Mistakes, and meningitis

Opinion: October 19, 2012 at 12:00a.m.

Los Angeles Times: The 14 people who died of fungal meningitis after they were injected with an apparently tainted steroid surely had no idea that their medication hadn’t come from a regular pharmaceutical company that meets federal standards for safety and efficacy. Rather, it had been produced by one of the nation’s “compounding pharmacies,” which used to be small operations producing customized versions of drugs for people whose particular medical issues made it difficult for them to take standard medications. Because of their small, specialized operations, such businesses have been largely exempted from inspection and regulation by the U.S. Food and Drug Administration.

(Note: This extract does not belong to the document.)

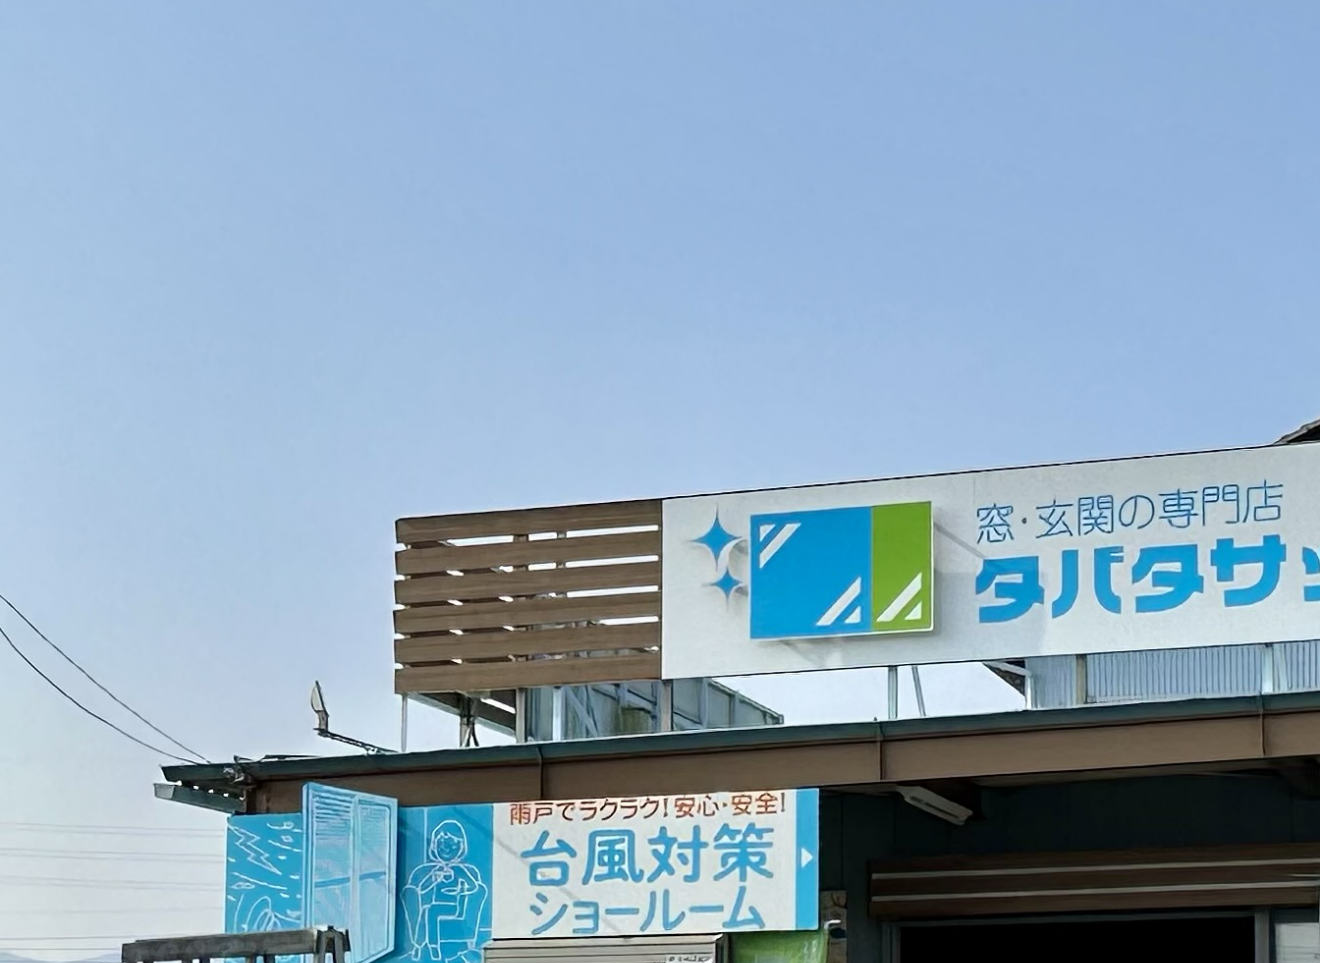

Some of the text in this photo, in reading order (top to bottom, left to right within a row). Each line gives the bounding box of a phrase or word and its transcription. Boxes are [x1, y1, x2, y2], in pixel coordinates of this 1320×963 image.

Yet many of them have grown into sizable manufacturers that make the same drugs produced by traditional pharmaceutical companies. The injectable steroid implicated in the meningitis cases, for example, was shipped to nearly two dozen states and used to treat up to 14,000 patients with back or neck pain. This has been possible in part because of provisions of the 1997 Food and Drug Administration Modernization Act, which allowed compounding pharmacies to avoid the levels of testing and other standards required of regular pharmaceutical firms. Court decisions further tied the FDA’s hands.

In 2003, an FDA official raised his concern about various compounding firms before a Senate committee, saying that some had “creatively marketed” new products that they touted as superior to available drugs without data to support their claims.

Now Congress must plug this growing hole in regulatory oversight by giving the FDA clear and unequivocal authority over compounding pharmacies.